** RECORDS TO PROCESS follows **

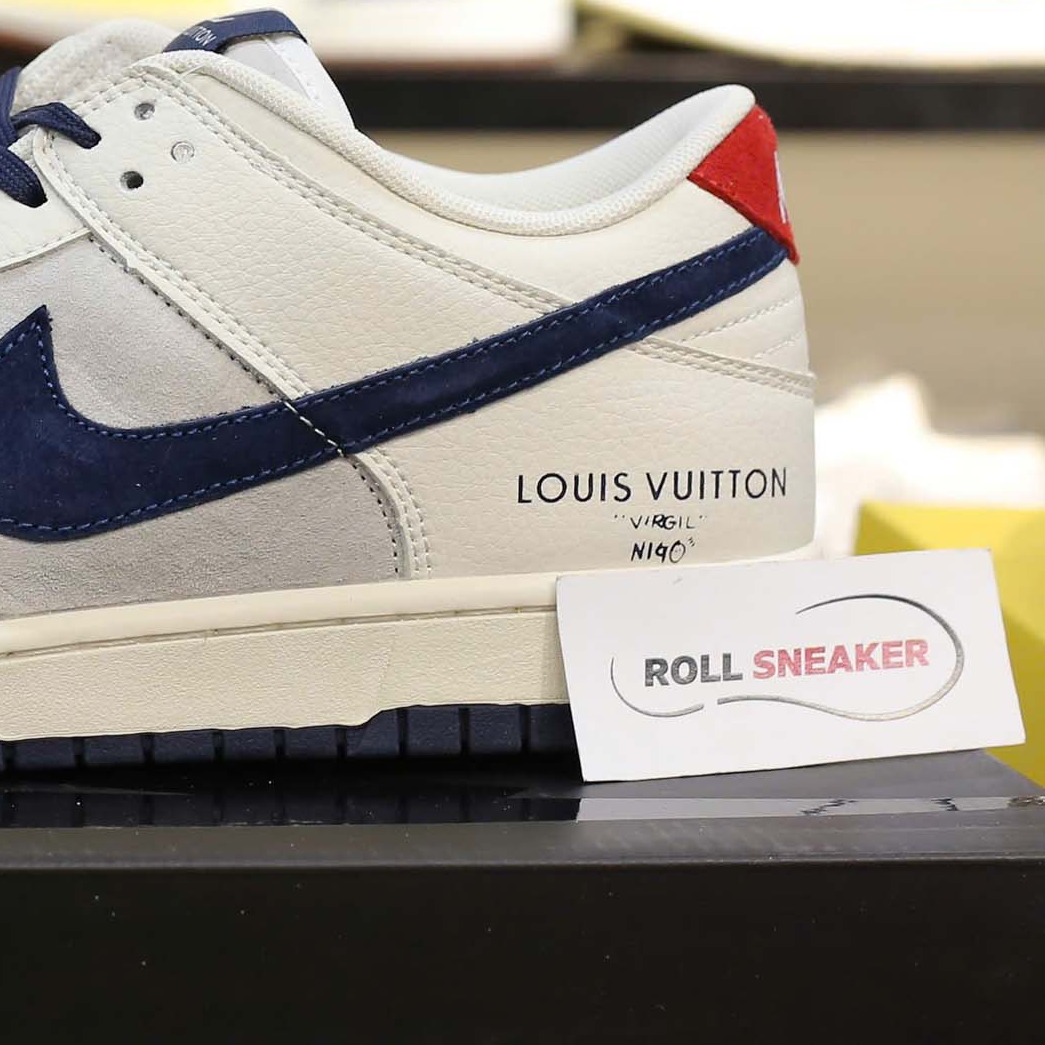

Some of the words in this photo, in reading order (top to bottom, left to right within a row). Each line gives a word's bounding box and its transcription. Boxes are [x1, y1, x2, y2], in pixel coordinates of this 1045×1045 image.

[517, 472, 632, 503] LOUIS
[646, 467, 787, 500] VUITTON
[644, 652, 743, 687] ROLL
[753, 638, 929, 679] SNEAKER
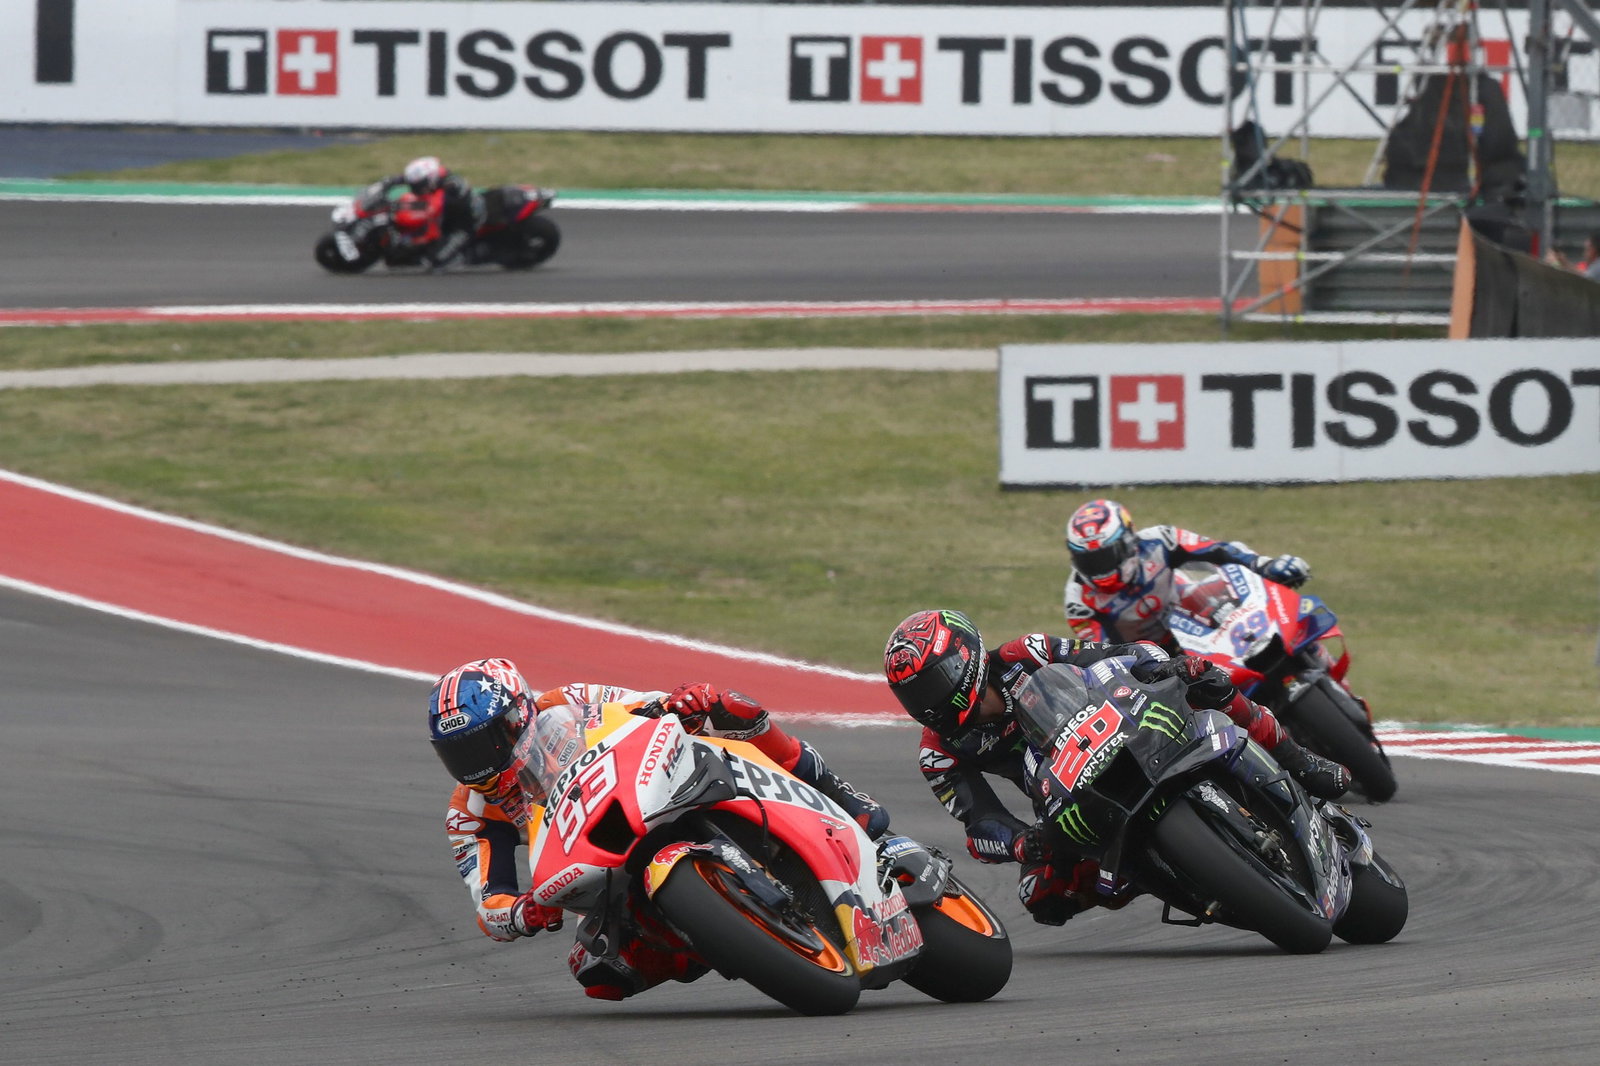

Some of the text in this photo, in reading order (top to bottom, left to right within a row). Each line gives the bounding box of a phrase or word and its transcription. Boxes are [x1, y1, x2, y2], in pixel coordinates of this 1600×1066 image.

** End of RECORDS TO PROCESS **

WHAT THE EXERCISE ASKS.
When you transcribe the lines above, keep every word exact but leave the pictures behind.

WRITTEN ANSWER.
Some of the words in this photo, in reading order (top to bottom, left to right within a row). Each line gives a word's bounding box and its transcription. Boxes are [x1, y1, x2, y2], in pixel coordinates of this 1045×1045 image.

[517, 472, 632, 503] LOUIS
[646, 467, 787, 500] VUITTON
[644, 652, 743, 687] ROLL
[753, 638, 929, 679] SNEAKER

Some of the text in this photo, in reading order (top to bottom, left to right within a row). Each line gives the bounding box of a phrase or word and its transcription. Boxes are [x1, y1, x2, y2], in pixel coordinates of this 1600×1066 image.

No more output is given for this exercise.